●Mark Thoma, “Does a Higher Minimum Wage Reduce Jobs?”(Economist’s View, October 12, 2010)
アリン・デューベ(Arindrajit Dube)が最低賃金の効果に焦点を当てた自らの研究――その論文はこちら――の件で、インタビューを受けている [1] … Continue reading。以下に、インタビューの動画を貼り付けておこう。
インタビューの内容をまとめた記事の一部も引用しておこう。
“Does Higher Minimum Wage Reduce Jobs?”:
・・・(略)・・・マサチューセッツ大学アマースト校の助教授で、労働経済学が専門のアリン・デューベが、リアル・ニュースの取材に応じた。デューベによると、これまでに最低賃金が引き上げられたいくつかの地域では、雇用量は減っていないようだという。従来の理論から導き出される予測と食い違う結果になっているという。
デューベの研究では、州境を挟んで隣り合っていて最低賃金の水準に違いがある郡のペアに着目して、最低賃金の水準の違いがそれぞれの郡の雇用量にどんな影響を及ぼしているかが探られている。レストランをはじめとするサービス業に焦点が当てられているが、デューベによると、この部門で雇われている従業員の大多数が最低賃金と同額の時給で働いているという。最低賃金の引き上げは、サービス業の雇用量に対して短期的にも長期的にも無視しても差し支えないほどの影響しか及ぼしていないというのが、彼が見出している結果である。
「政策当局者が最低賃金の引き上げを検討する際には、この結果を重要なポイントとして心に留めておいてもらいたいと思います」とデューベ。

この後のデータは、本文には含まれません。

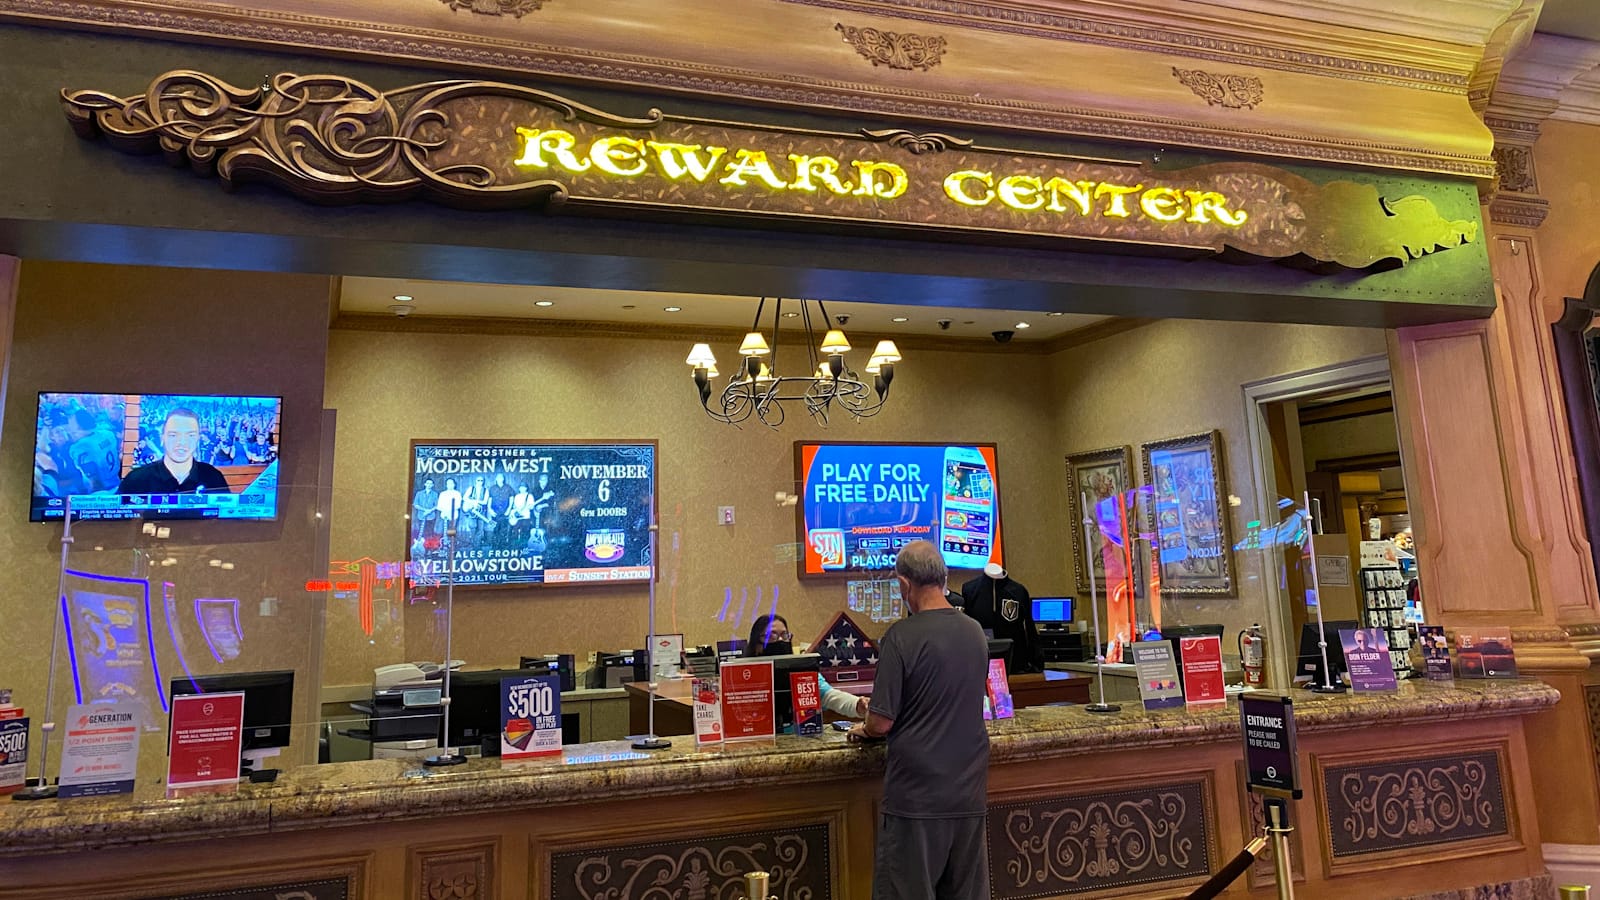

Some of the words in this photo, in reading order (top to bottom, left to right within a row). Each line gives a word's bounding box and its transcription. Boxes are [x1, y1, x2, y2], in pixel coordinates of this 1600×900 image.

[514, 126, 909, 199] REWARD
[943, 170, 1247, 226] CENTER
[434, 449, 469, 457] KEVIN
[475, 449, 525, 457] COSTNER
[416, 457, 496, 474] MODERN
[501, 457, 552, 473] WEST
[560, 465, 648, 480] NOVEMBER
[822, 464, 873, 482] PLAY
[879, 464, 921, 482] FOR
[597, 479, 610, 502] 6
[815, 485, 868, 503] FREE
[873, 484, 930, 502] DAILY
[597, 508, 627, 517] DOORS
[455, 550, 484, 558] ALES
[489, 549, 518, 558] FROM
[420, 556, 543, 574] YELLOWSTONE
[852, 555, 897, 567] PLAY.SC
[569, 571, 609, 581] SUNSET
[610, 569, 650, 580] STATION
[1360, 652, 1381, 660] FELDER
[797, 682, 816, 694] BEST
[508, 687, 553, 719] $500
[798, 697, 817, 707] VEGAS
[89, 712, 133, 724] GENERATION
[697, 711, 714, 719] CHARGE
[1247, 714, 1283, 728] ENTRANCE
[108, 735, 134, 743] DINING
[1248, 730, 1265, 739] PLEASE
[0, 732, 27, 754] $500
[1249, 738, 1255, 746] TO
[1256, 739, 1262, 747] BE
[1262, 740, 1281, 749] CALLED

デューベによると、最低賃金の効果についての通念――最低賃金の引き上げは、雇用量を減らすに違いないという広く流布している考え――の出所を探ると、1990年代初頭以前に手掛けられた研究に辿り着くという。・・・(略)・・・従来の研究が大きな欠陥を抱えていることに気付いて、国レベルではなくもっとローカルなレベルの証拠に目を向ける研究が登場してきたのが、1990年代の初頭から半ばにかけてだという。 その中でも有名なのが、デービッド・カード(David Card)&アラン・クルーガー(Alan Krueger)の二人による共同研究である。彼らの研究では、ニュージャージー州での最低賃金の引き上げがどういう影響を及ぼしたかを調べるために、ニュージャージー州とペンシルベニア州の境界を間に挟んで隣り合っている郡に目が向けられている。最低賃金が引き上げられてから1年の間に、ニュージャージー州での雇用量は減らなかったばかりか、雇用量が増えた部門さえあったことが、カード&クルーガーの二人によって見出されたという。

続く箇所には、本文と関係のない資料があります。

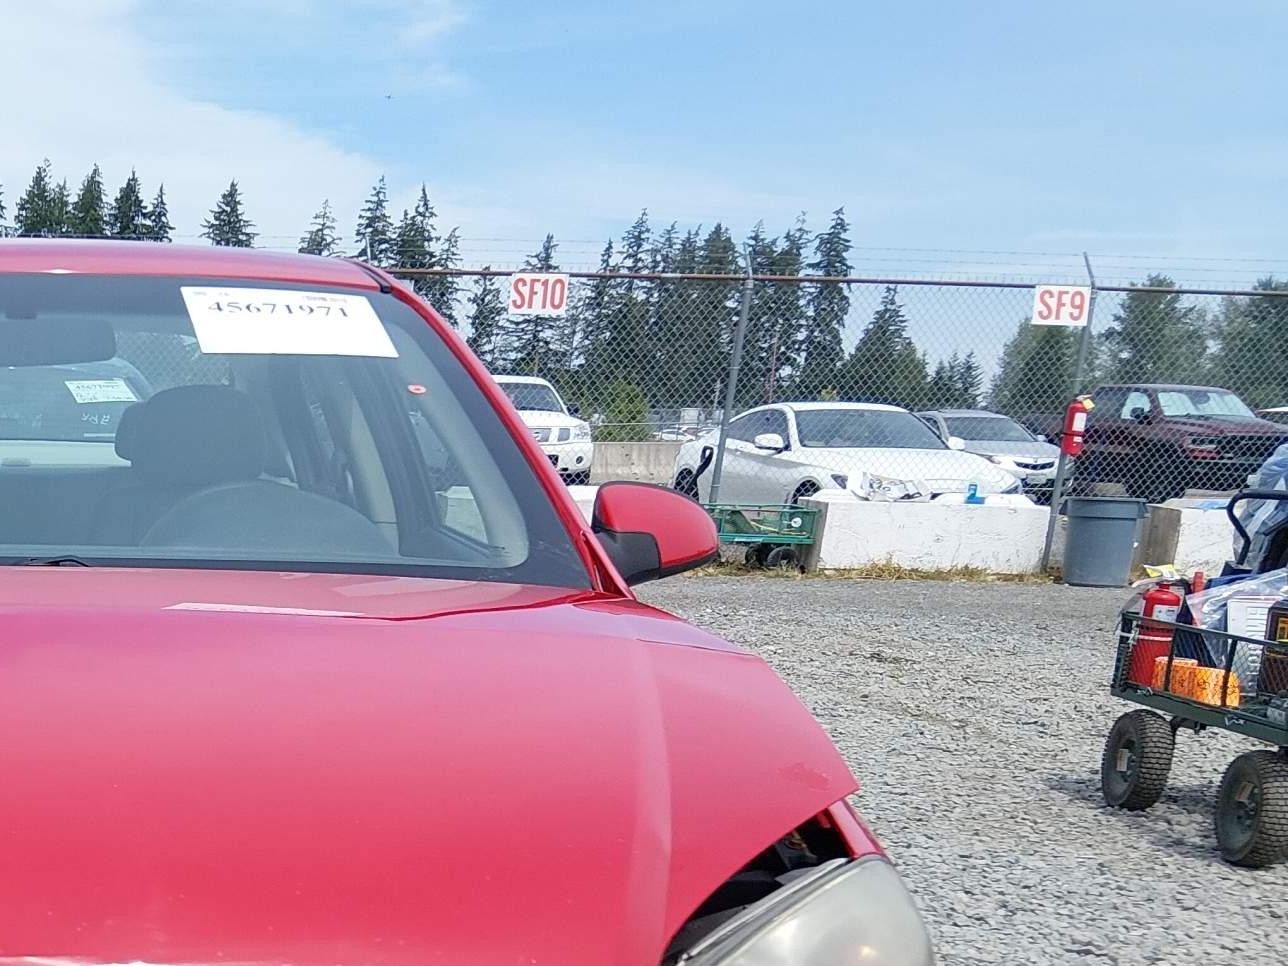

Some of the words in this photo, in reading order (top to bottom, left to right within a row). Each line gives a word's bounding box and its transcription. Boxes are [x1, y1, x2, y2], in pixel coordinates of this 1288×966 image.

[208, 301, 350, 319] 45671971
[511, 278, 566, 310] SF10
[1038, 288, 1086, 322] SF9

カード&クルーガーの共同研究の成果が論文として発表されると、その他の経済学者たちから激しい批判が寄せられたという。デューベの研究は、カード&クルーガーの二人と同じ手法を使っているが、州境を挟んで隣り合っているあらゆる郡が対象になっているだけでなく、最低賃金の引き上げがどういう影響を及ぼしたかが20年ないしはそれよりも長い期間にわたって追跡されている。

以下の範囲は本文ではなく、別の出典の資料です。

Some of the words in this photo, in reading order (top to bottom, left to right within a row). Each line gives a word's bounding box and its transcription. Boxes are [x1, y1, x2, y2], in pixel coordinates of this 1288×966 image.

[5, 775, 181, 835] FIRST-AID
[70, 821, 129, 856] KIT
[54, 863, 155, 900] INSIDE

デューベは語る。「そういう意味では、カードとクルーガーの共同研究が私の研究の礎になっているわけですが、むしろ彼らの手法を一般化したと言うべきかもしれません。さらには、カードとクルーガーの共同研究に向けられた真っ当な批判のいくつかにも応えています。カードとクルーガーの共同研究とは違って、私の研究については、単一の事例だけを取り上げたケース・スタディーに付き纏う批判がどれも当てはまらないのです。とは言え、私が見出した結果とカード&クルーガーの二人が見出した結果は、驚くほど似通っているのです」 。
最低賃金が引き上げられると、サービス業への求職者が増えるだけでなく、従業員の離職が抑制されて、職場の生産性が高まることも、デューベは見出している。さらには、例えばレストランのうちいずれか1社だけが賃金を引き上げる場合には、それに伴って従業員の数が減らされる(誰かしらがクビになる)可能性が高いが、(最低賃金が引き上げられることで)同業他社の多くが一斉に賃金を引き上げる場合には、人件費の上昇が顧客(消費者)に転嫁される可能性が高いという。つまりは、メニューの価格が引き上げられるわけだが、そうなっても需要が減るとは限らないという。
デューベが見出している発見は、あくまでもサービス業――特定の地域に住む顧客をターゲットにしていて、製造業のように職場があちこち移動しない部門――だけに当てはまる。とは言え、アメリカ国内で製造業部門で働いている労働者のうちで、その時給が最低賃金と同額というケースはごく少数だという。
・・・(中略)・・・
デューベは、「スピルオーバー効果」についても語った。スピルオーバー効果というのは、最低賃金の引き上げに伴って、最低賃金以外の賃金も押し上げられる効果を指しているが、押し上げられるのは最低賃金を若干(25%程度)上回る賃金だけであることが見出されているという。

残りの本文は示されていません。